The value of the absolute color difference calculated for traditionally cooked muscle due to storage time indicates that there is a clear color difference between meat stored for 2 and 21 days. Such a color difference was also observed in sous vide meat, and in the case of MS muscle, the level of this parameter even indicates that the observer perceives two different colors depending on storage time. The absolute color difference calculated due to the type of heat treatment used indicates clearly perceptible to the observer different colors between MLT and MS stored at different times.
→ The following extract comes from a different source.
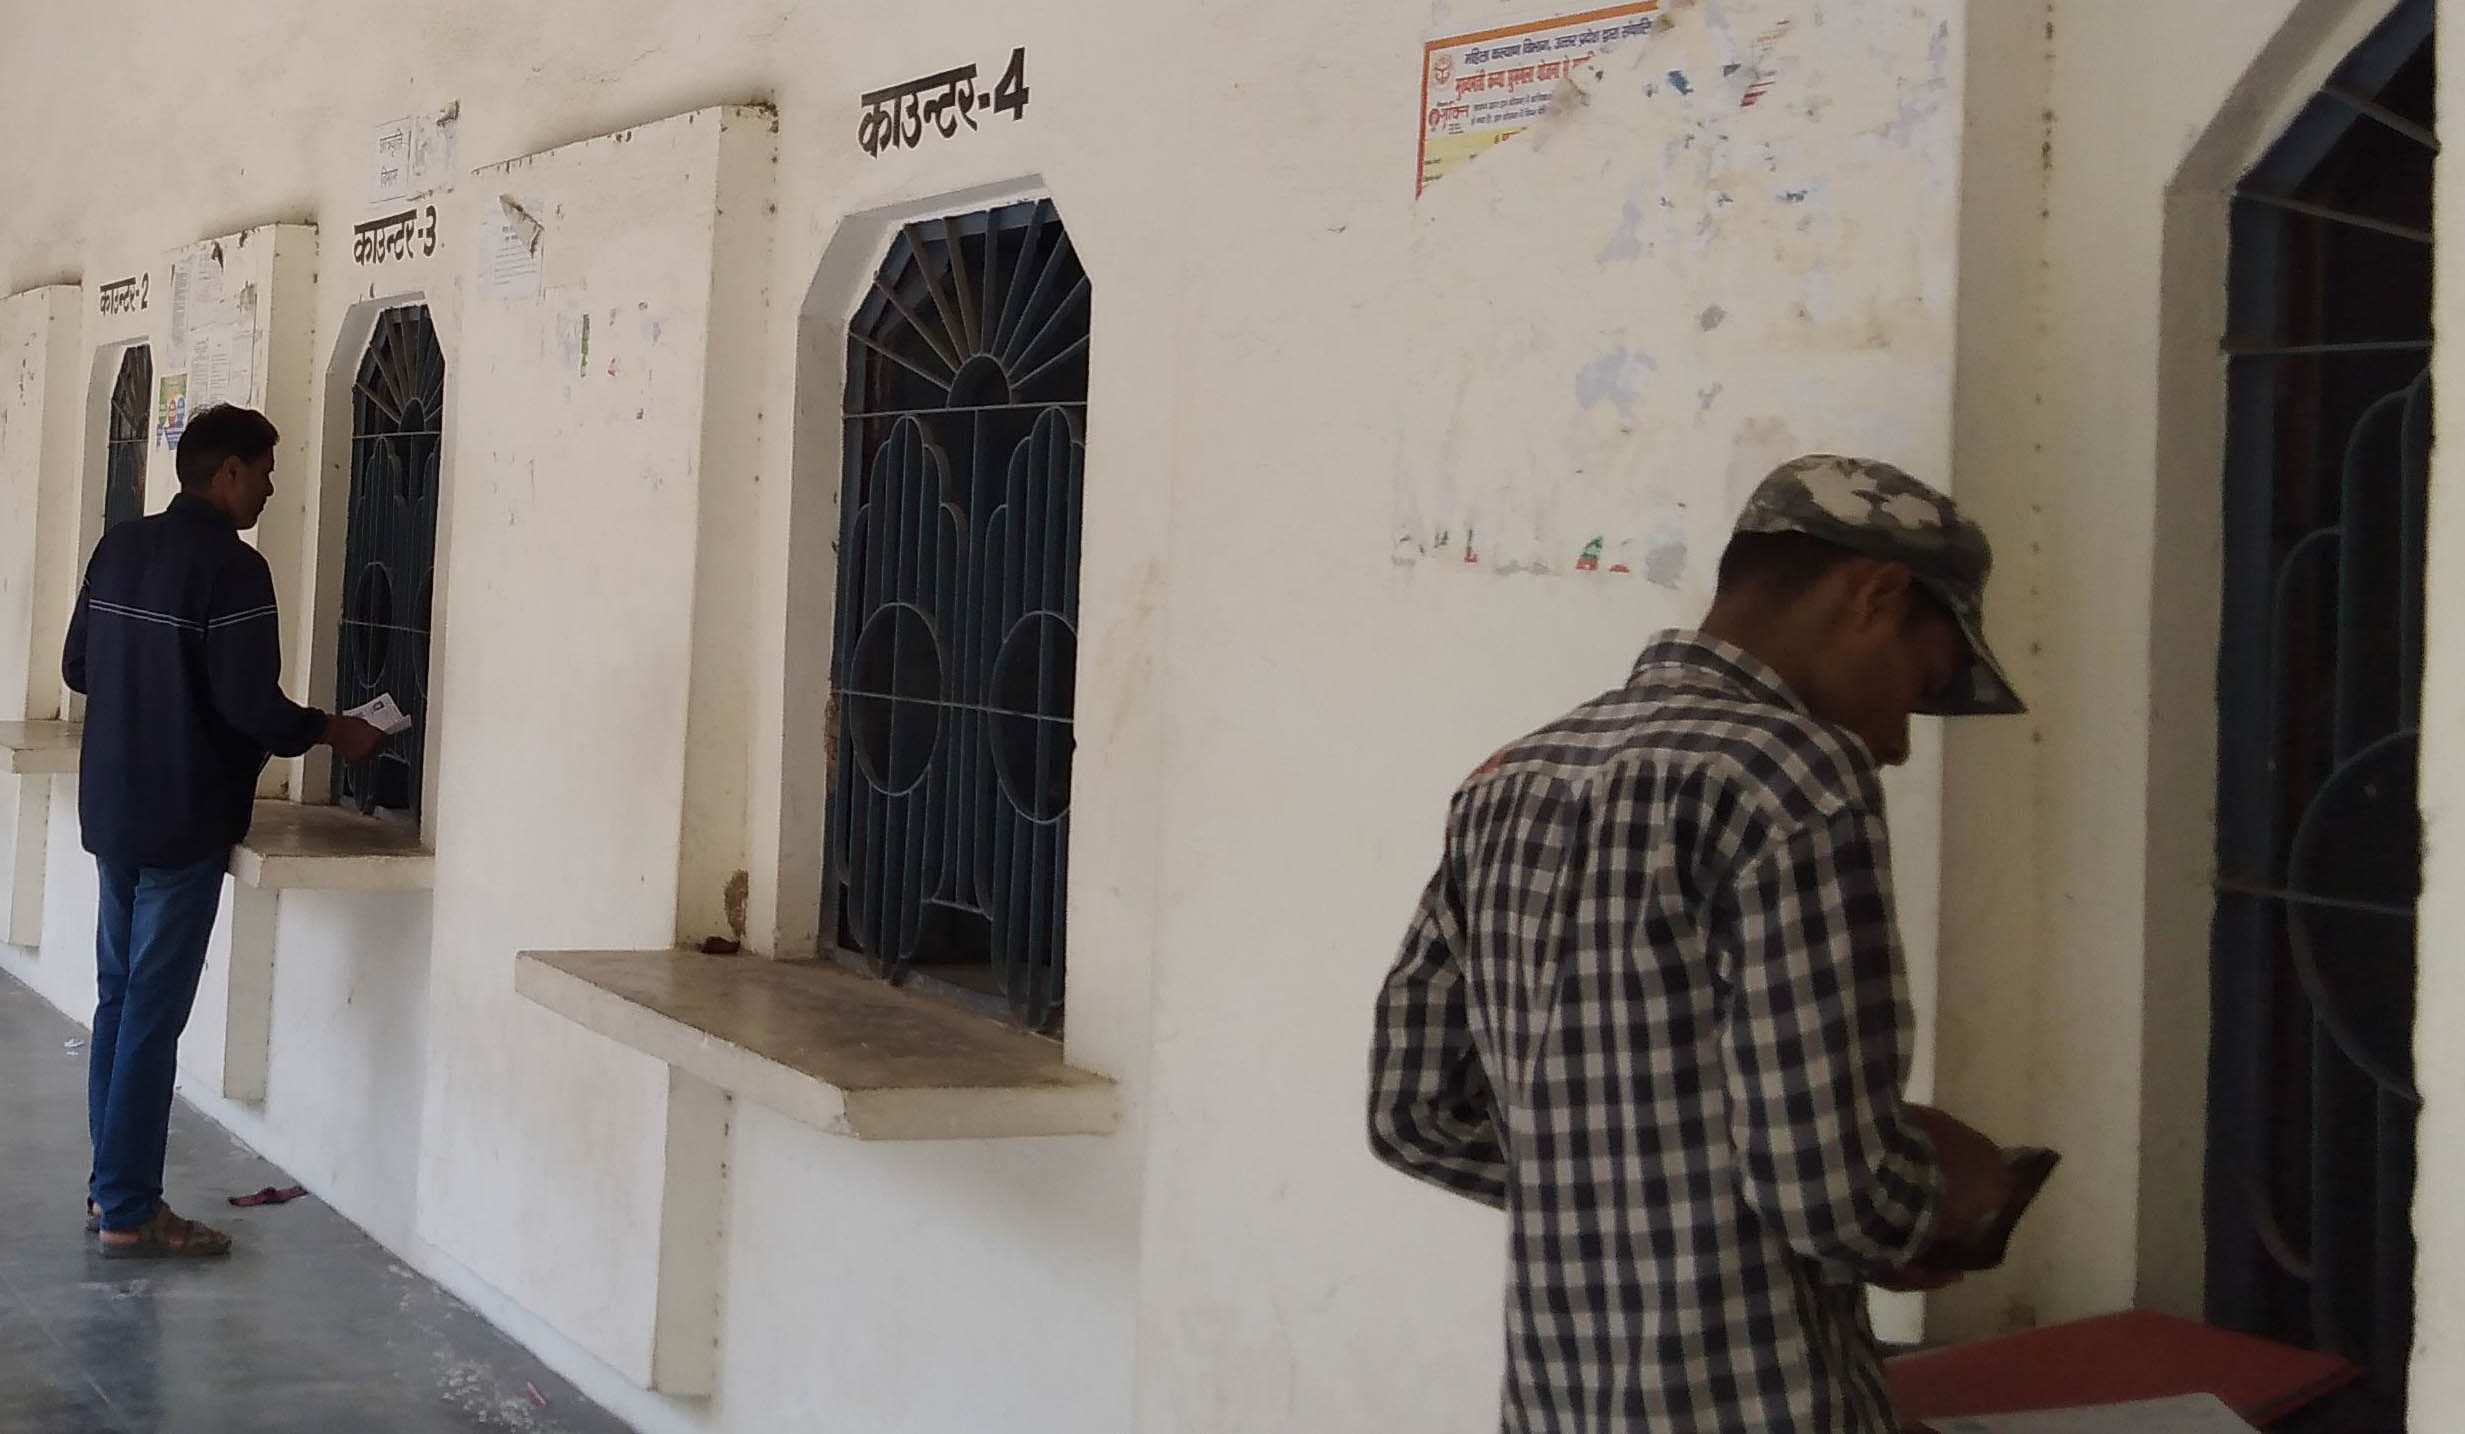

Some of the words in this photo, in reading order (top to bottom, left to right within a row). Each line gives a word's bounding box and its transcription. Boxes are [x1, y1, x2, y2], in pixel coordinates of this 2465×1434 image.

The existence of observable color differences is also indicated by the levels of the absolute color difference calculated between the muscles tested.
The results for the sensory evaluation of beef meat according to the type of muscle, cold storage time and type of heat treatment are shown in Table 5. Scores for the intensity as well as the desirability of meat odor were slightly higher for muscles stored for 21 days compared to those cold stored for 2 days, regardless of the type of heat treatment.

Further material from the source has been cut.